--- Source records ---
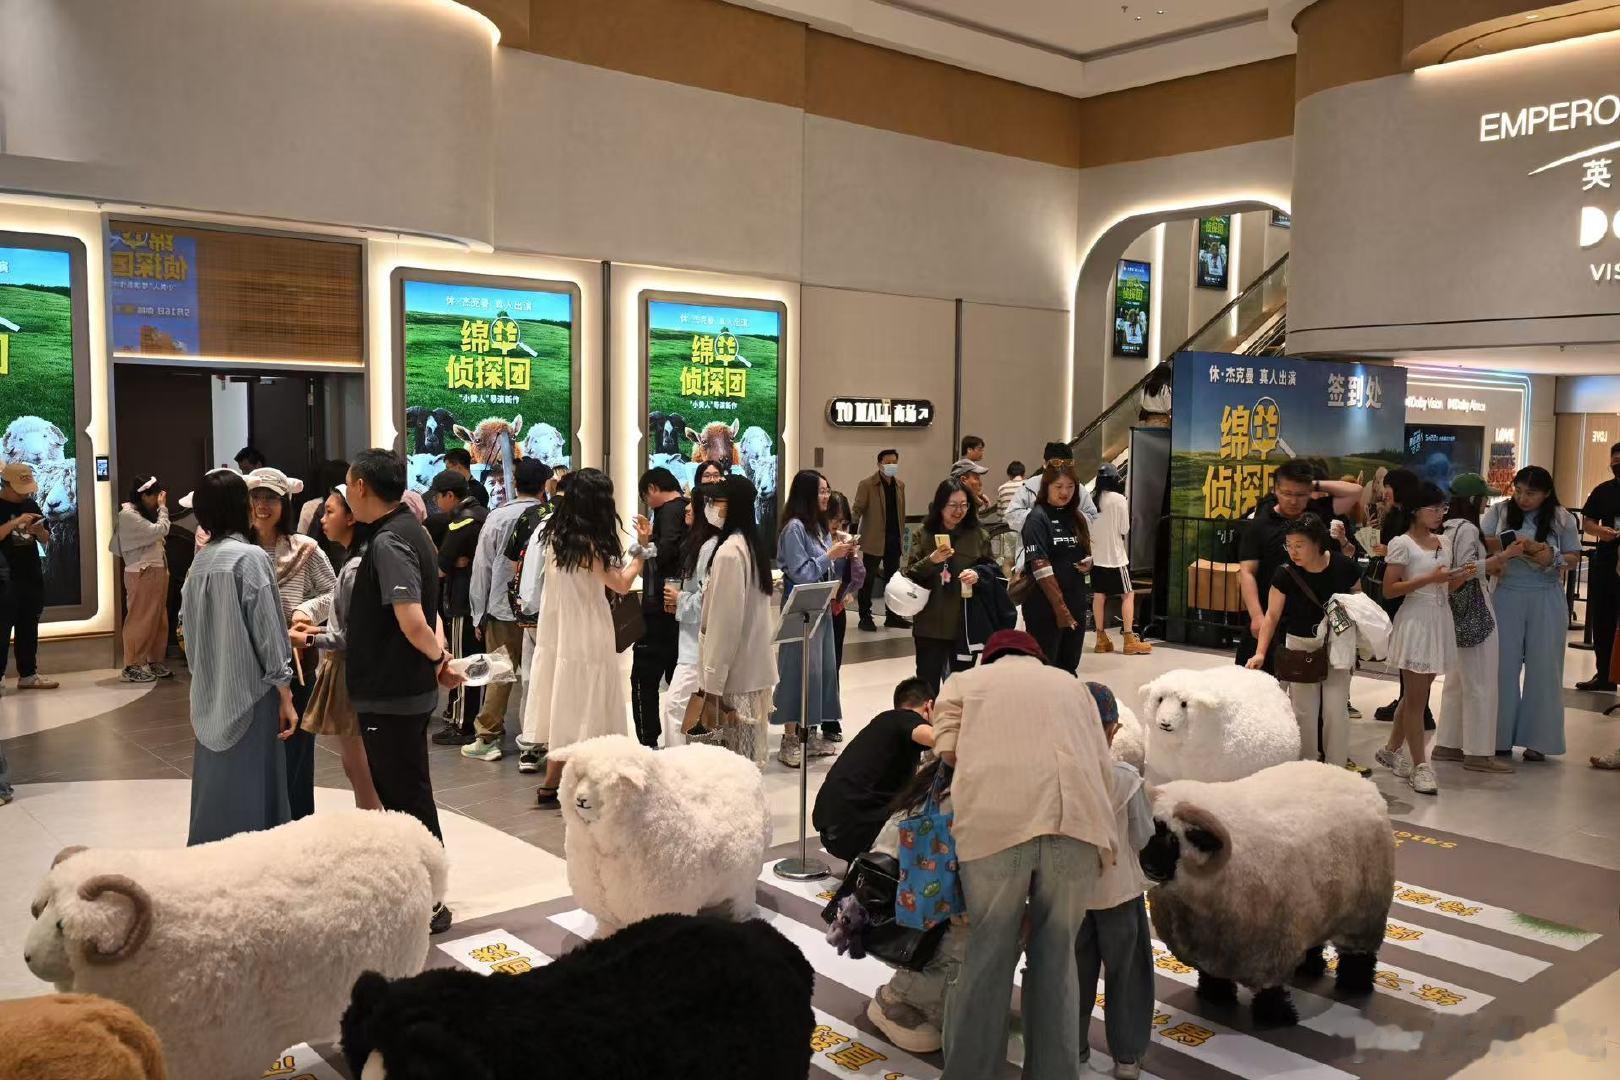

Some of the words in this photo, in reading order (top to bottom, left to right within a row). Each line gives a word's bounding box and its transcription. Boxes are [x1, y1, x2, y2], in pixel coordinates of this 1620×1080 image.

[1479, 94, 1620, 142] EMPERO
[1582, 158, 1613, 191] 英
[1580, 206, 1620, 247] D
[459, 318, 520, 356] 绵羊
[691, 333, 738, 366] 绵羊
[445, 354, 532, 391] 侦探团
[679, 366, 747, 398] 侦探团
[1209, 364, 1255, 385] 休·杰克曼
[1259, 368, 1297, 386] 真人出演
[1327, 373, 1383, 410] 签到处
[835, 401, 854, 422] TO
[854, 402, 892, 423] MALL
[893, 404, 917, 423] 商场
[1219, 402, 1280, 461] 绵羊
---
**What needs to be done**
Produce a verbatim copy of the listing, leaving out all pictures.

**Solved problem**
Some of the words in this photo, in reading order (top to bottom, left to right within a row). Each line gives a word's bounding box and its transcription. Boxes are [x1, y1, x2, y2], in pixel coordinates of this 1620×1080 image.

[1479, 94, 1620, 142] EMPERO
[1582, 158, 1613, 191] 英
[1580, 206, 1620, 247] D
[459, 318, 520, 356] 绵羊
[691, 333, 738, 366] 绵羊
[445, 354, 532, 391] 侦探团
[679, 366, 747, 398] 侦探团
[1209, 364, 1255, 385] 休·杰克曼
[1259, 368, 1297, 386] 真人出演
[1327, 373, 1383, 410] 签到处
[835, 401, 854, 422] TO
[854, 402, 892, 423] MALL
[893, 404, 917, 423] 商场
[1219, 402, 1280, 461] 绵羊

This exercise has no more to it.